Image-backed grounding data:
-=-=-

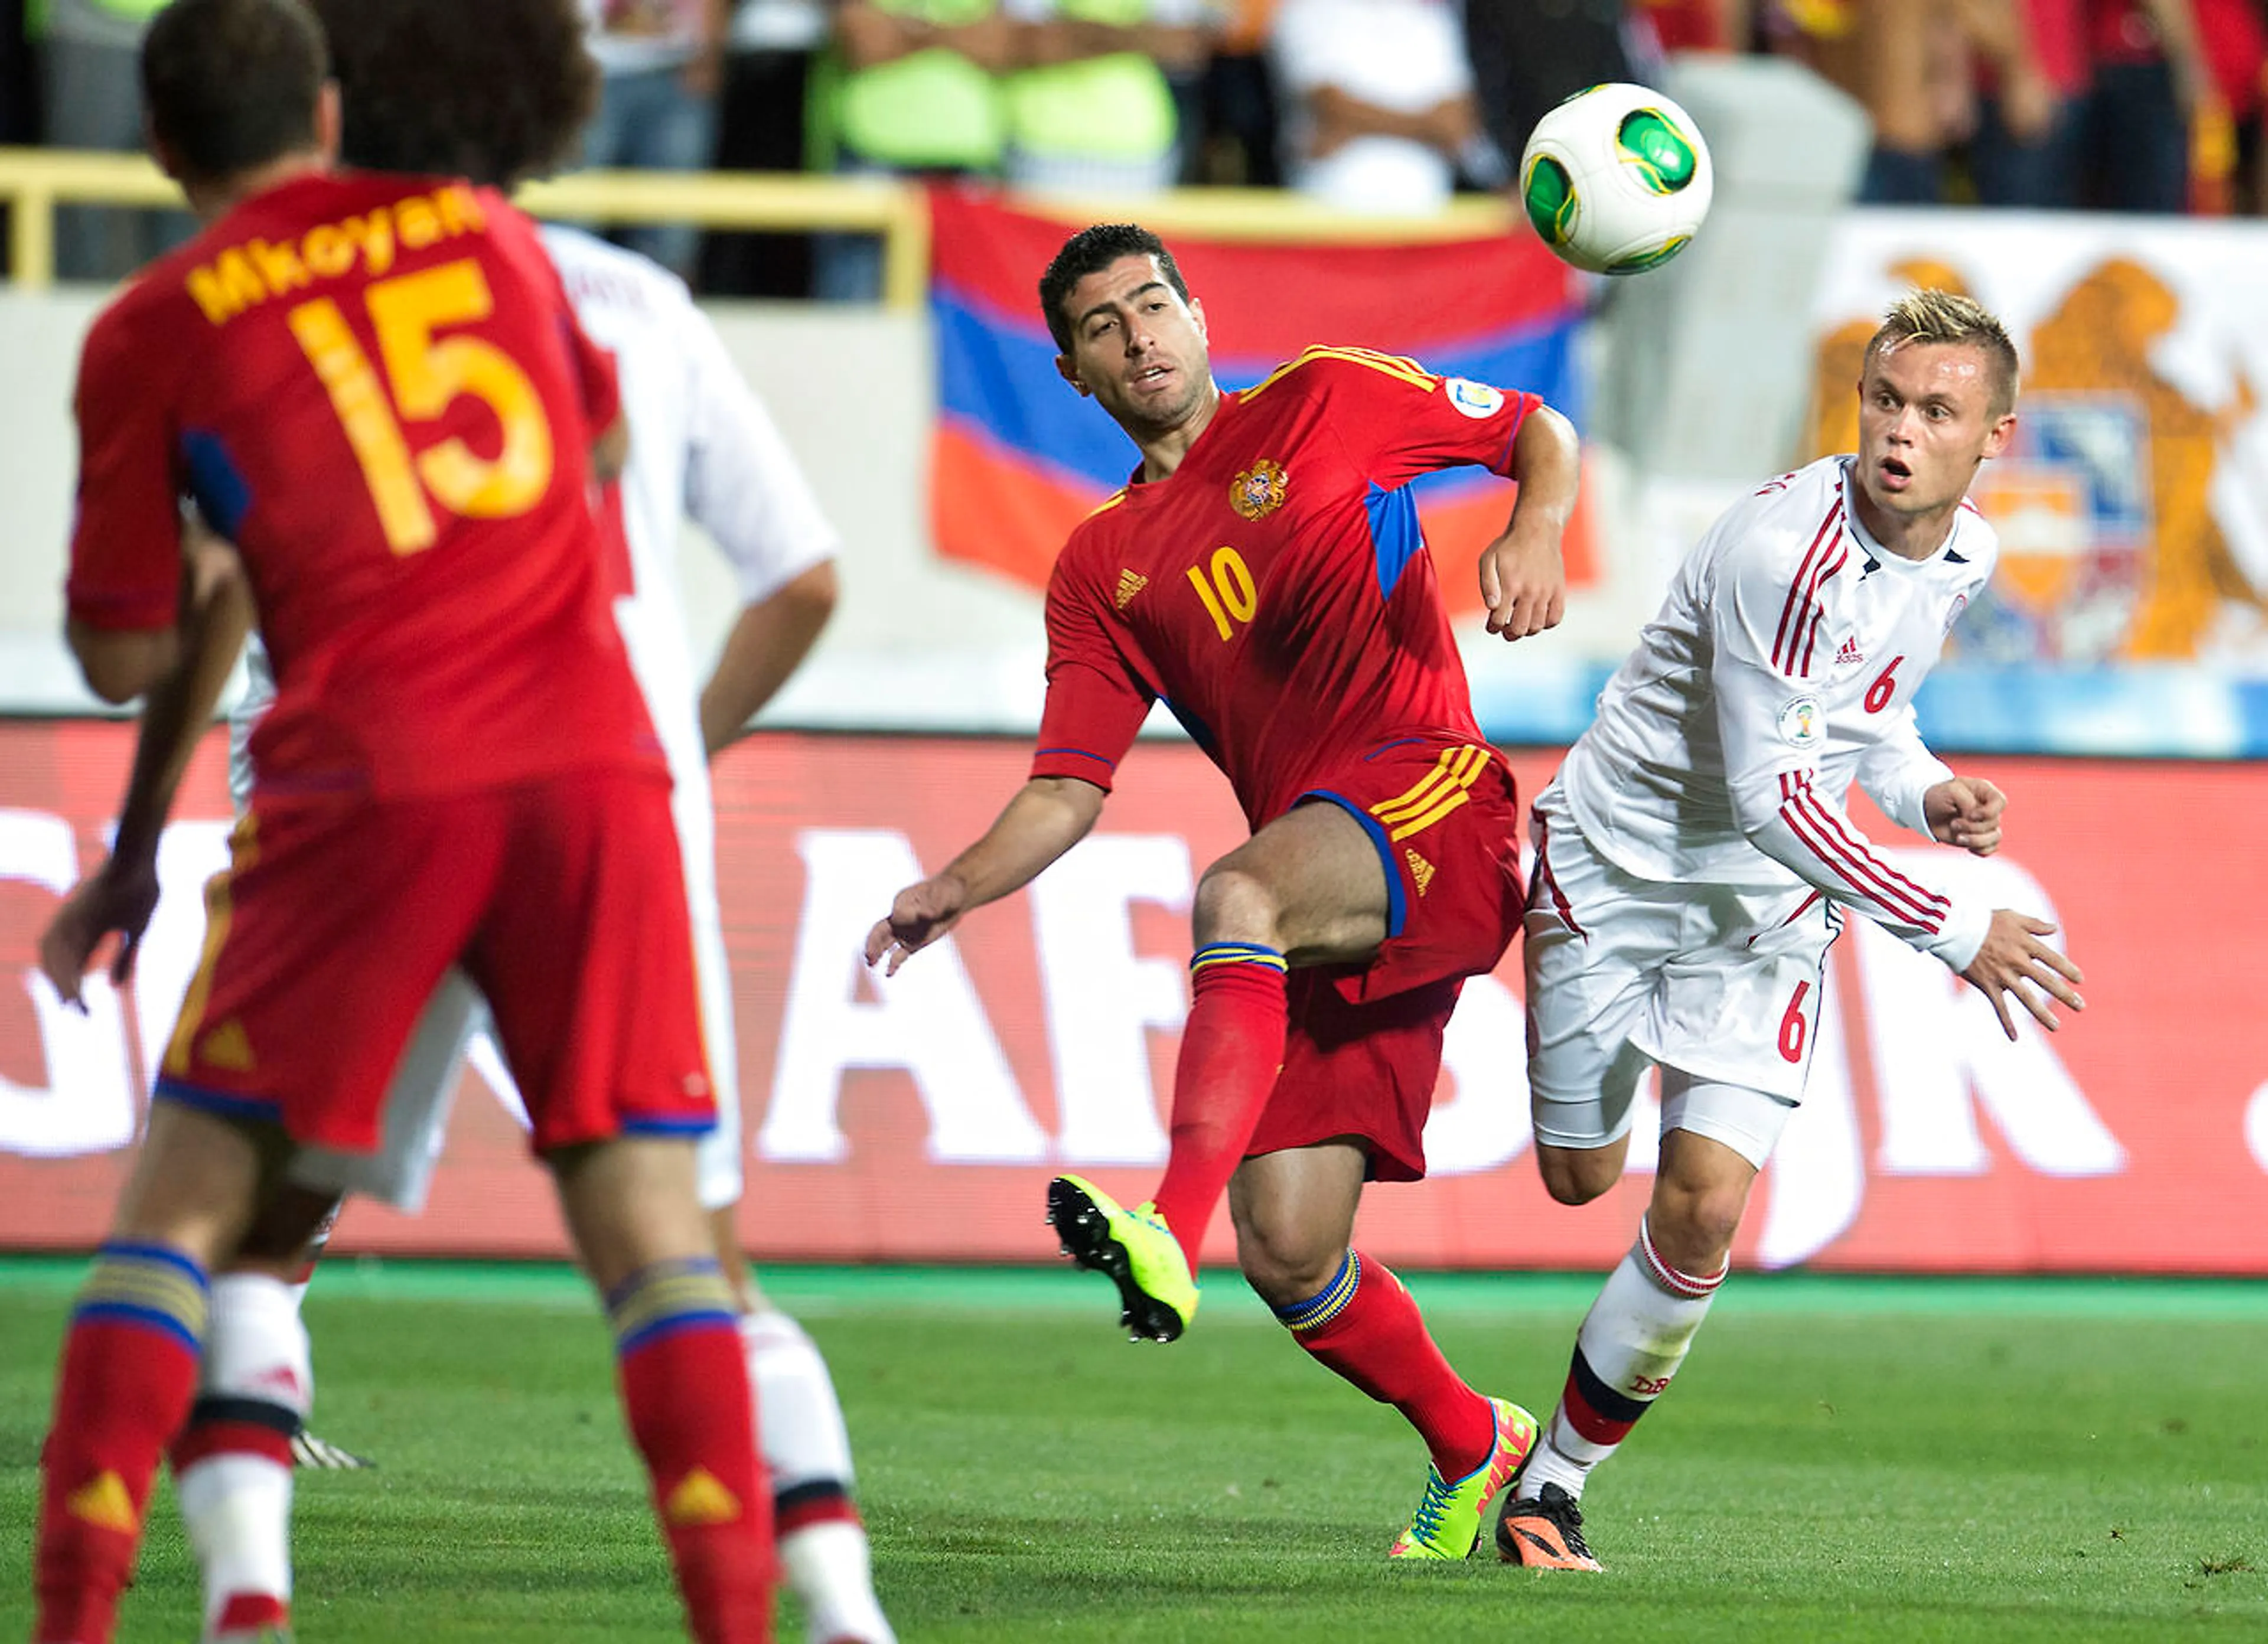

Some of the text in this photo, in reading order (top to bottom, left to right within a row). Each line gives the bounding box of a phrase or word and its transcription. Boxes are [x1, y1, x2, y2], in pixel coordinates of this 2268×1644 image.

[187, 184, 485, 325] Mkoyan
[288, 257, 553, 556] 15
[1187, 546, 1257, 642] 10
[1864, 655, 1904, 714] 6
[1778, 980, 1810, 1064] 6
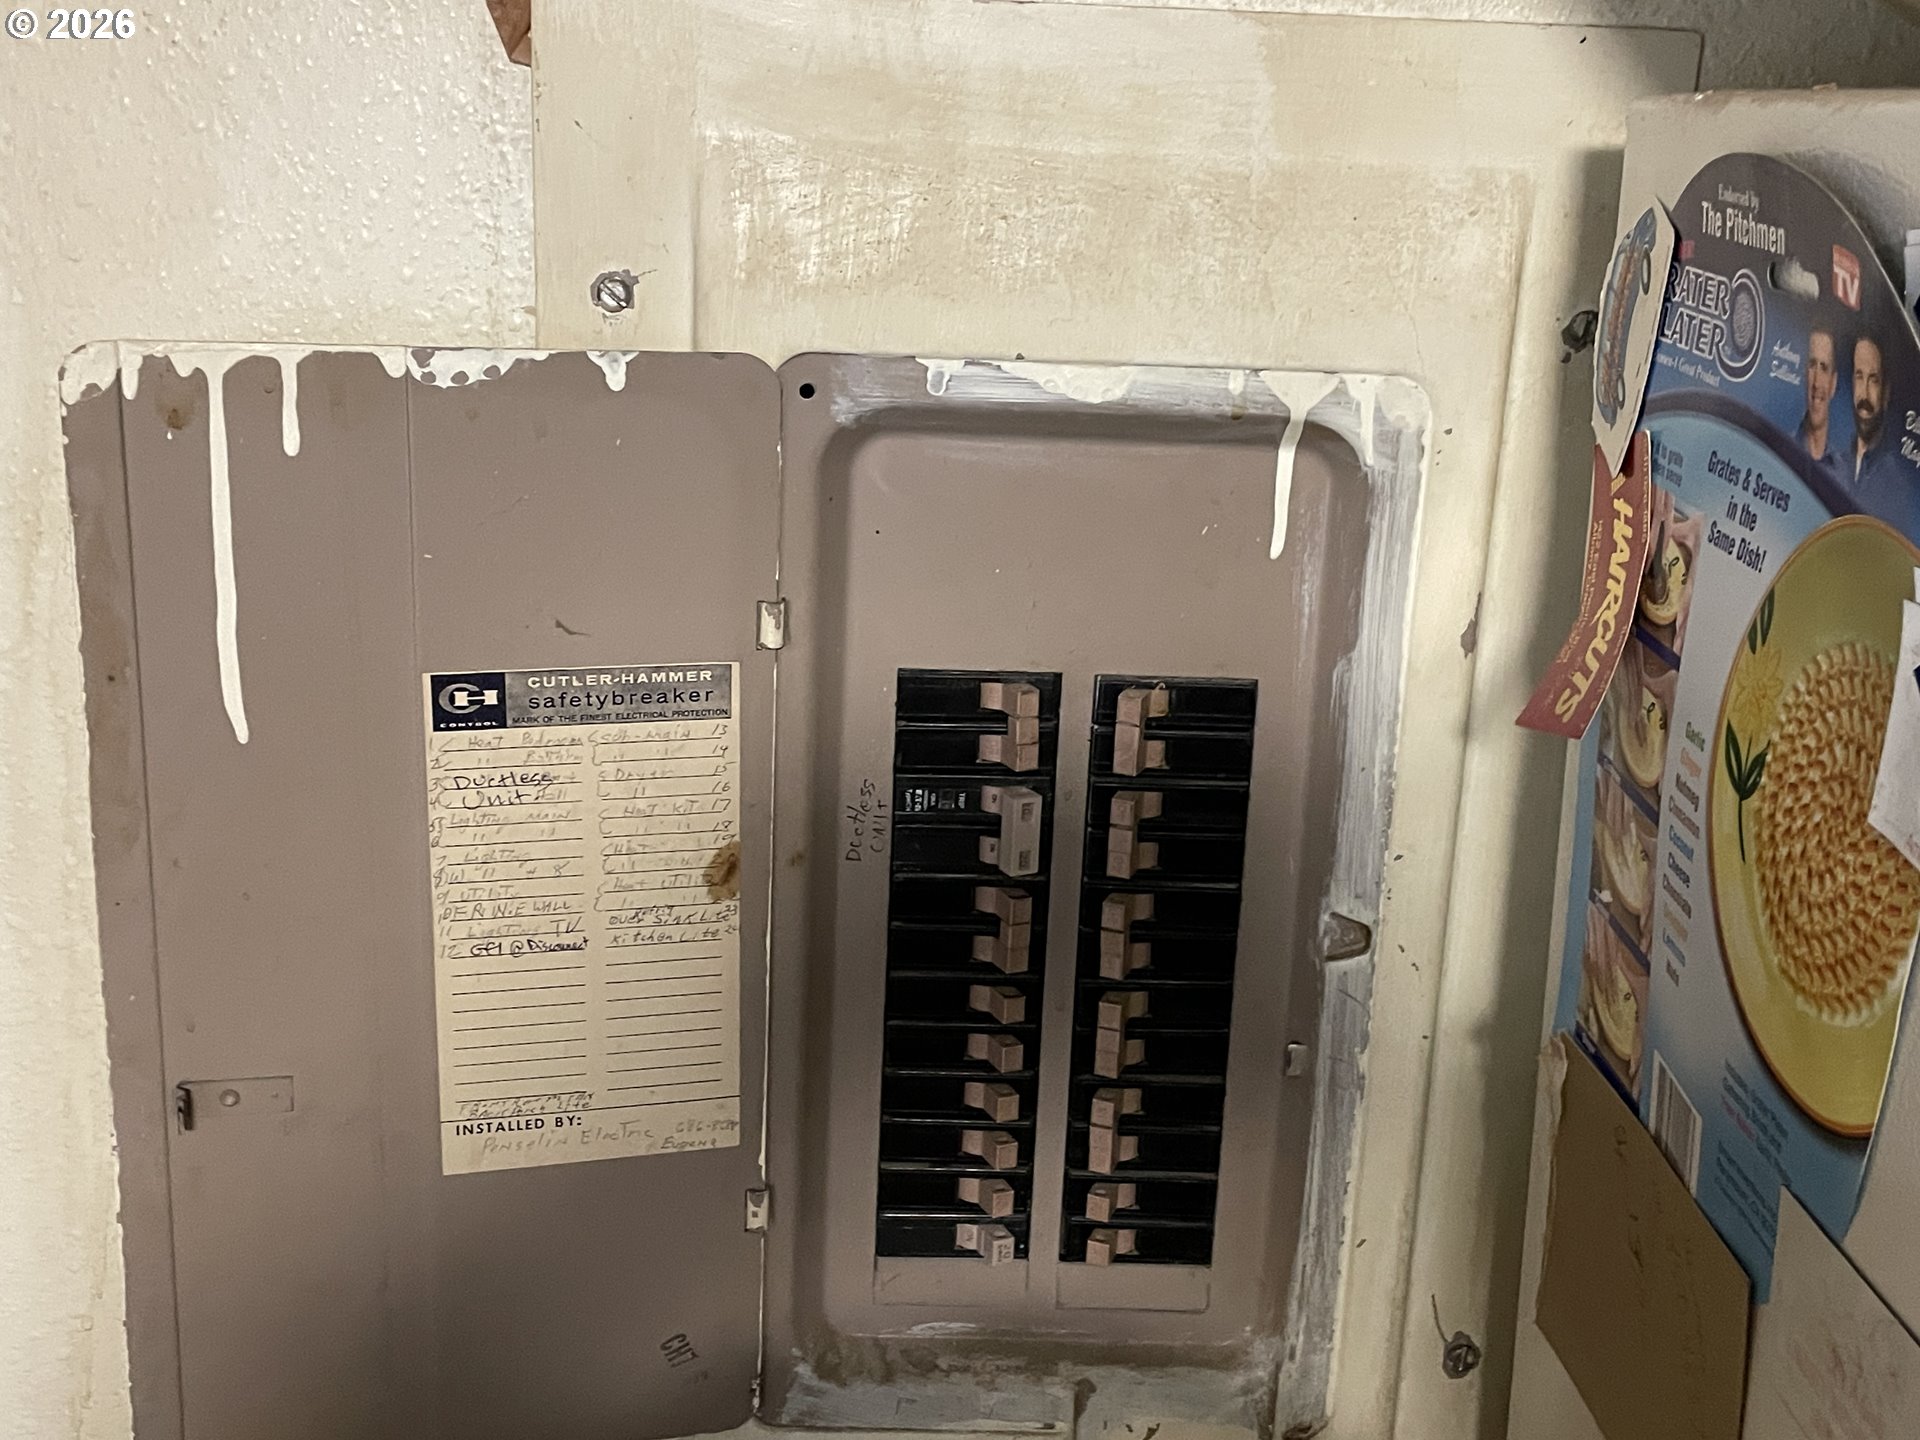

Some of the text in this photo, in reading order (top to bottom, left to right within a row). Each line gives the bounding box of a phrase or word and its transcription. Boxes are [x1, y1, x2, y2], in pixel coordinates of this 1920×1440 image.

[1701, 200, 1722, 237] The
[1726, 207, 1785, 255] Pitchmen
[1666, 261, 1731, 319] RATER
[1834, 262, 1860, 306] TV
[1659, 302, 1728, 361] LATER
[1707, 450, 1740, 487] Grates
[1741, 470, 1751, 493] &
[1752, 472, 1791, 513] Serves
[1725, 495, 1758, 532] in the
[1707, 520, 1767, 574] Same Dish!
[1555, 497, 1634, 724] HAIRCUTS
[527, 670, 713, 689] CUTLER-HAMMER
[528, 688, 715, 710] safetybreaker
[439, 720, 499, 729] CONTROL
[511, 708, 729, 725] MARK OF THE FINEST ELECTRICAL PROTECTION
[711, 723, 729, 737] 13
[453, 771, 553, 791] Ductless
[462, 791, 539, 810] Unit
[455, 1115, 583, 1136] INSTALLED BY:

-=-=-

Please repeat every record exactly as it stands, leaving out any pictures.

Some of the text in this photo, in reading order (top to bottom, left to right within a row). Each line gives the bounding box of a phrase or word and its transcription. Boxes are [x1, y1, x2, y2], in pixel coordinates of this 2268×1644 image.

[187, 184, 485, 325] Mkoyan
[288, 257, 553, 556] 15
[1187, 546, 1257, 642] 10
[1864, 655, 1904, 714] 6
[1778, 980, 1810, 1064] 6

Some of the text in this photo, in reading order (top to bottom, left to right within a row). Each line gives the bounding box of a phrase or word and its transcription. Boxes are [x1, y1, x2, y2], in pixel coordinates of this 1920×1440 image.

[1701, 200, 1722, 237] The
[1726, 207, 1785, 255] Pitchmen
[1666, 261, 1731, 319] RATER
[1834, 262, 1860, 306] TV
[1659, 302, 1728, 361] LATER
[1707, 450, 1740, 487] Grates
[1741, 470, 1751, 493] &
[1752, 472, 1791, 513] Serves
[1725, 495, 1758, 532] in the
[1707, 520, 1767, 574] Same Dish!
[1555, 497, 1634, 724] HAIRCUTS
[527, 670, 713, 689] CUTLER-HAMMER
[528, 688, 715, 710] safetybreaker
[439, 720, 499, 729] CONTROL
[511, 708, 729, 725] MARK OF THE FINEST ELECTRICAL PROTECTION
[711, 723, 729, 737] 13
[453, 771, 553, 791] Ductless
[462, 791, 539, 810] Unit
[455, 1115, 583, 1136] INSTALLED BY:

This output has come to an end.